Penciled by Steve McNiven
Review by Dan D
Steve Rodgers returns as Captain America in an all new book continuing Ed Brubaker’s epic six year run.
Steve Rodgers wields the shield once more. Mostly everyone knew this moment was coming; if you’ve read the most recent Fear Itself, you see Steve take up the mantle once more. I still; however, feel a bit of nostalgia seeing Steve as Captain America in the book Captain America. As for the story, its a great jumping on point, especially for the soon to be movie goers. Brubaker’s story is easy to follow for new readers but in the same breath familiar to long time readers. There is action (lots) and a great supporting cast (Nick Fury!). The art by McNiven is clean and crisp, as well as detailed in both character and background. The story brings both past and present together. Needless to say, its a fun ride.
This issue presents a categorizing nightmare, at least for me. I really wish that Marvel would have just relaunched the series. Instead, Captain America and Bucky will continue the numbering from the original book. Why Marvel couldn’t make Captain America and Bucky the new book and relaunch Captain America as a number one so that someday they could go back to the original numbering (issue 700) is beyond me.
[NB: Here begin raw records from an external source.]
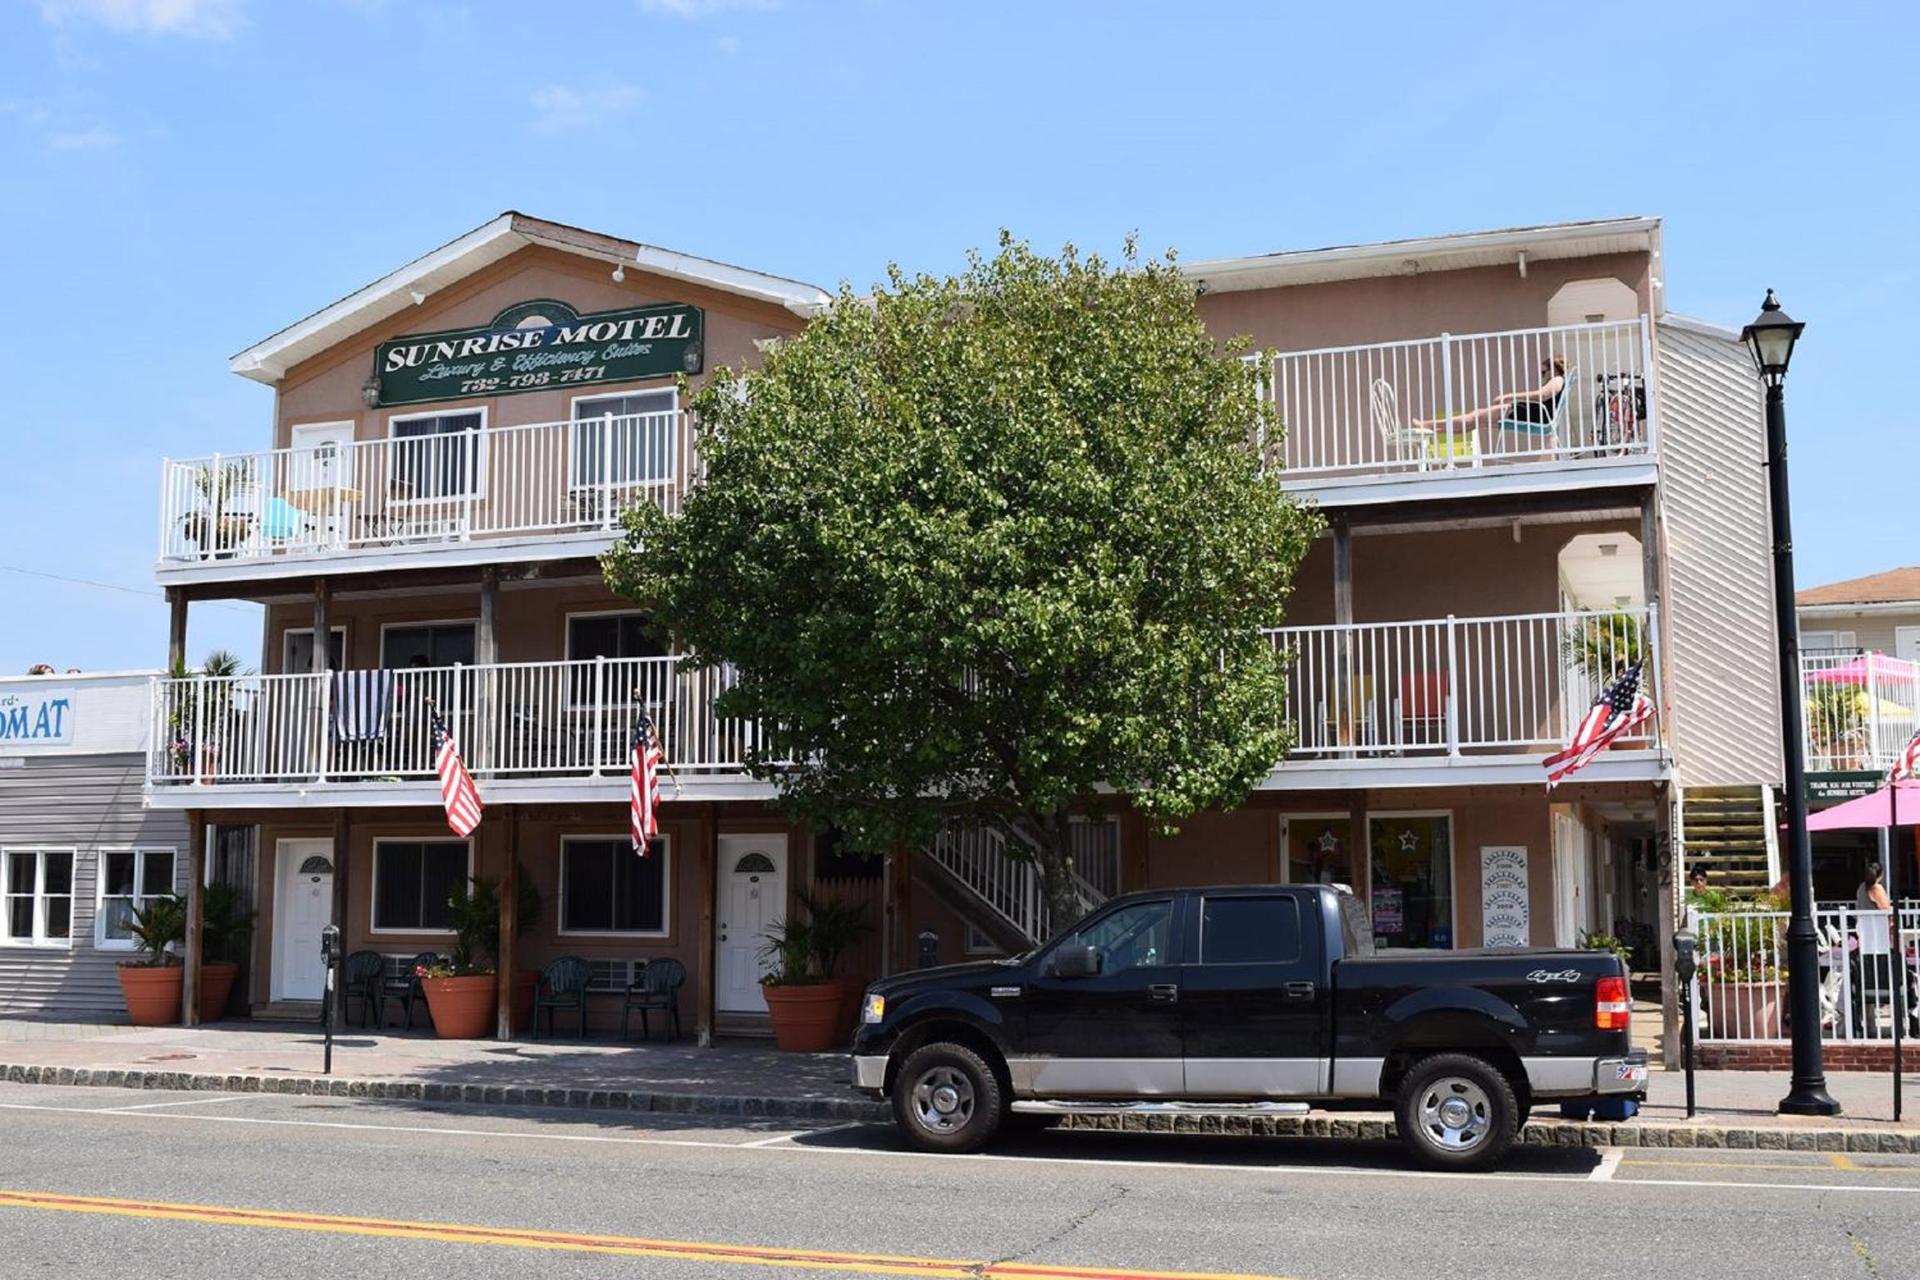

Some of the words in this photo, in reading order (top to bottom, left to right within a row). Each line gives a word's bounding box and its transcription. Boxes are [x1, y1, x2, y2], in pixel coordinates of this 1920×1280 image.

[385, 329, 545, 373] SUNRISE
[551, 313, 691, 346] MOTEL
[419, 362, 486, 381] Luxury
[512, 350, 597, 372] Efficiency
[601, 342, 653, 361] Suites
Hard to label anything ugly in a number one issue with a beloved character. One thing that the editors could have done though was include a “this issue takes place…” note to clarify that these events take place after Fear Itself, which I assume they do.
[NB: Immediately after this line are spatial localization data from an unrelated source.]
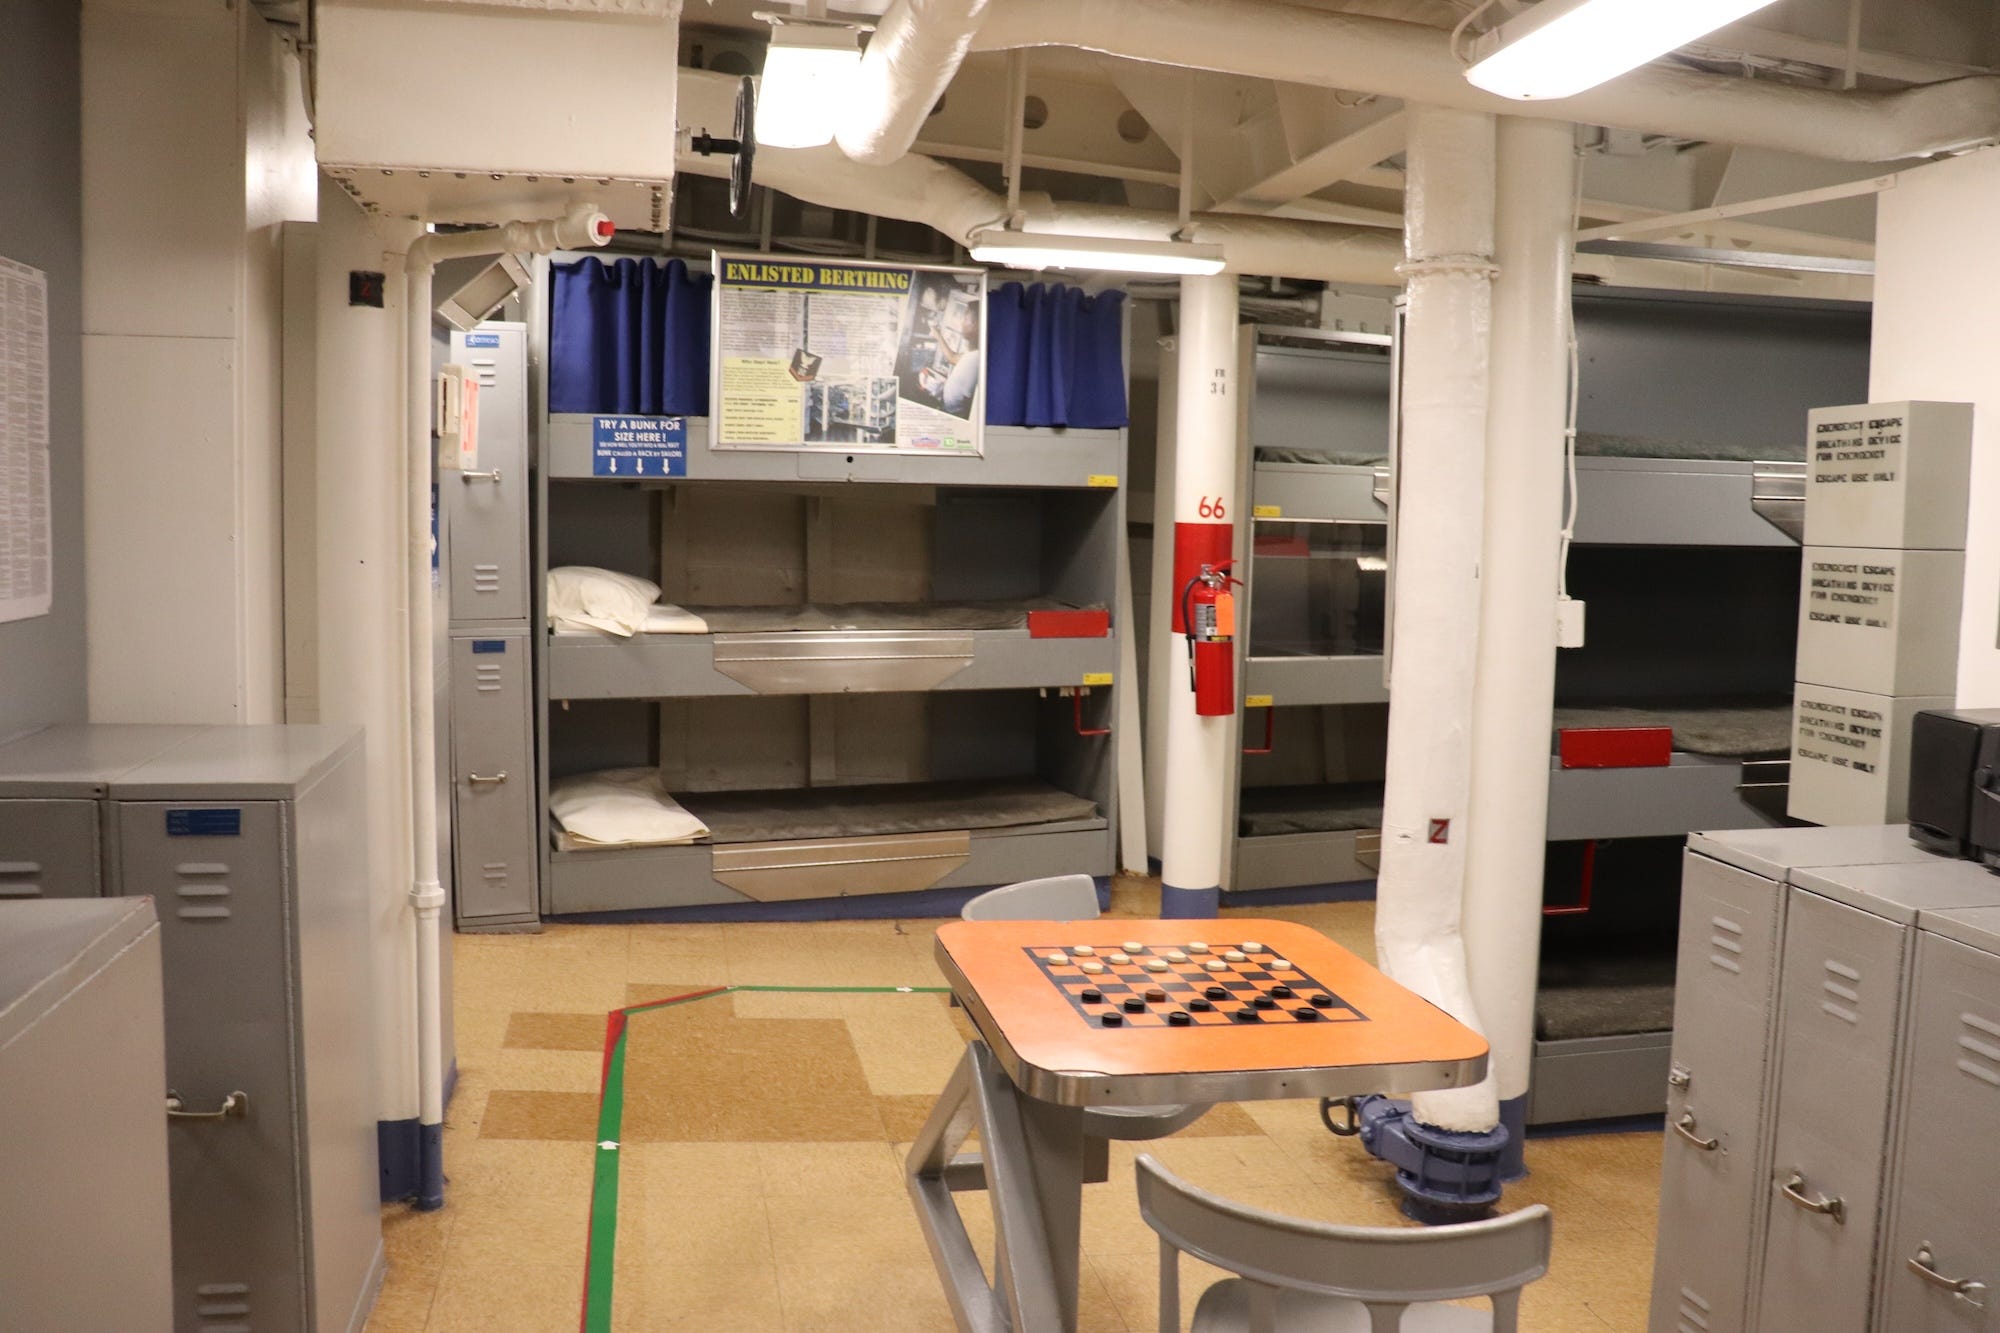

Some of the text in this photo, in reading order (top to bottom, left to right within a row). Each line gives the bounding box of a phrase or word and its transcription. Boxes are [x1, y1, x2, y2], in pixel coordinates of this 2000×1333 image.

[725, 263, 909, 290] ENLISTED BERTHING
[599, 420, 680, 431] TRY A BUNK FOR
[614, 432, 634, 442] SIZE
[636, 432, 660, 442] HERE
[1199, 496, 1225, 519] 66
[1863, 565, 1896, 575] ESCAPE
[1849, 724, 1882, 738] DEVICE
[1430, 819, 1449, 843] Z
Overall, this is a fun number one. Long time readers I am sure will read. Hopefully, with the movie and the number one, new readers will jump on board. Ed Brubaker is a master story teller and his work is really worth the read.
Written by Scott Snyder
Penciled by Francesco Francavilla
Review by Dan D
The truth about Jim Gordon’s son is revealed. Plus, one of Batman’s deadliest foes escapes!
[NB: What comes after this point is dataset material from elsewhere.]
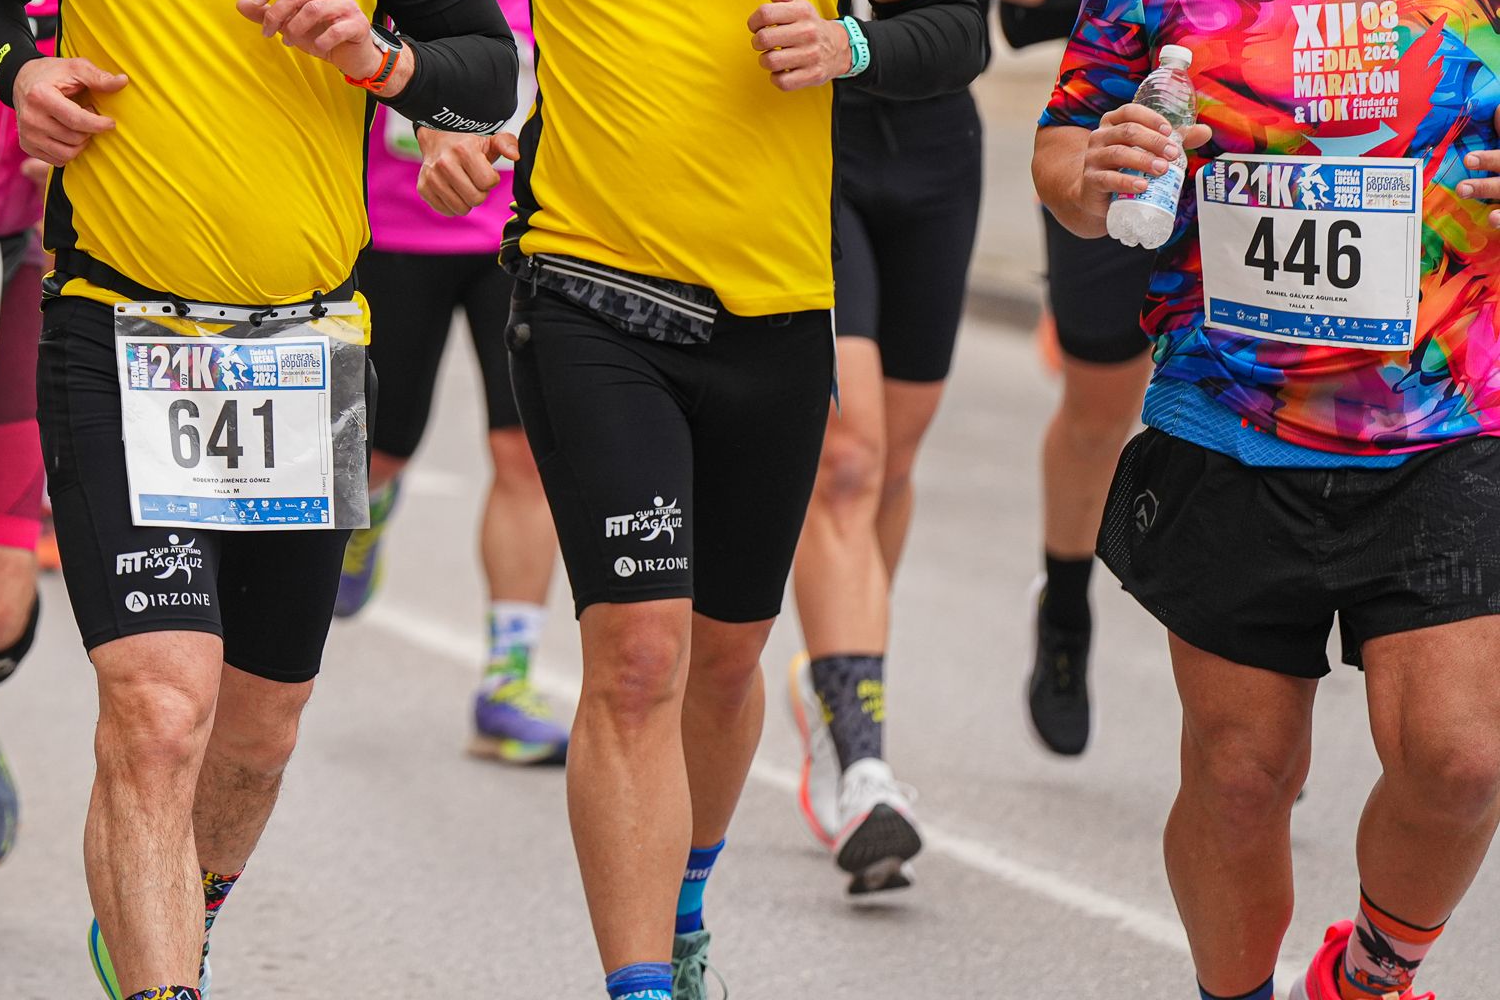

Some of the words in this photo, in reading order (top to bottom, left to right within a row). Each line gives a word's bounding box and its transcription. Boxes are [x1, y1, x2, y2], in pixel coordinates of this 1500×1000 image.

Just about everything. Seriously. This book is excellent, possibly the best on the shelves right now. Scott Snyder and Francesco Francavilla are the perfect pair. The art captures the essence of Gotham City and its gritty characters. The tone of Snyder’s writing is dark and brooding, exactly how a Batman comic should feel. The surprise appearance, which I won’t give away, was unexpected and exciting. Written perfectly, drawn just as well; truly scary stuff.
No Batman. Not a problem for me, but some might ask where is Batman? The caped crusader has yet to play much of a role in this story line with the focus being on Jim Gordon and his family; however, I do expect Batman to play a more direct role after witnessing the escape of one of his greatest foes.
The fact that this book has to come to an end. The creative team will be split up after the reboot. A real shame because Francavilla’s darker style works so well with Snyder’s edgy writing.
With the relaunch coming, some people may be staying away from a book in the middle of an arc. That would be a mistake in regards to this book. If you aren’t reading, you should be. Too good to miss.